(Dataset items)

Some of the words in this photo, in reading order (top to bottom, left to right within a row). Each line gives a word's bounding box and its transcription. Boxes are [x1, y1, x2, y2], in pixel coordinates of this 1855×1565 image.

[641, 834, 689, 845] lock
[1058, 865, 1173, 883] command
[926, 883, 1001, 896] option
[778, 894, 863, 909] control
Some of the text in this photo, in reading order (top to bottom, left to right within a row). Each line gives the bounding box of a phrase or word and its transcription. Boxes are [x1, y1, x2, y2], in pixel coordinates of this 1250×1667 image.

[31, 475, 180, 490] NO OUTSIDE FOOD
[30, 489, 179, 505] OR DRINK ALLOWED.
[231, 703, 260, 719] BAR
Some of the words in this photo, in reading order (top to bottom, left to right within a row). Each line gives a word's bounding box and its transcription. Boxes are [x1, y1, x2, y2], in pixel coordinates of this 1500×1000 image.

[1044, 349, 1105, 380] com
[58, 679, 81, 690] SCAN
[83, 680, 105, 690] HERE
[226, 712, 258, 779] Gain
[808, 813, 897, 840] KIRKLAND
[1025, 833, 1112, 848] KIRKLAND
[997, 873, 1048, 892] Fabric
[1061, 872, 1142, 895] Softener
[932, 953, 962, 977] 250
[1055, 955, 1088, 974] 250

What this task involves = Please retype each entry above exactly as it is written.

Task result =
Some of the words in this photo, in reading order (top to bottom, left to right within a row). Each line gives a word's bounding box and its transcription. Boxes are [x1, y1, x2, y2], in pixel coordinates of this 1855×1565 image.

[641, 834, 689, 845] lock
[1058, 865, 1173, 883] command
[926, 883, 1001, 896] option
[778, 894, 863, 909] control
Some of the text in this photo, in reading order (top to bottom, left to right within a row). Each line gives the bounding box of a phrase or word and its transcription. Boxes are [x1, y1, x2, y2], in pixel coordinates of this 1250×1667 image.

[31, 475, 180, 490] NO OUTSIDE FOOD
[30, 489, 179, 505] OR DRINK ALLOWED.
[231, 703, 260, 719] BAR
Some of the words in this photo, in reading order (top to bottom, left to right within a row). Each line gives a word's bounding box and its transcription. Boxes are [x1, y1, x2, y2], in pixel coordinates of this 1500×1000 image.

[1044, 349, 1105, 380] com
[58, 679, 81, 690] SCAN
[83, 680, 105, 690] HERE
[226, 712, 258, 779] Gain
[808, 813, 897, 840] KIRKLAND
[1025, 833, 1112, 848] KIRKLAND
[997, 873, 1048, 892] Fabric
[1061, 872, 1142, 895] Softener
[932, 953, 962, 977] 250
[1055, 955, 1088, 974] 250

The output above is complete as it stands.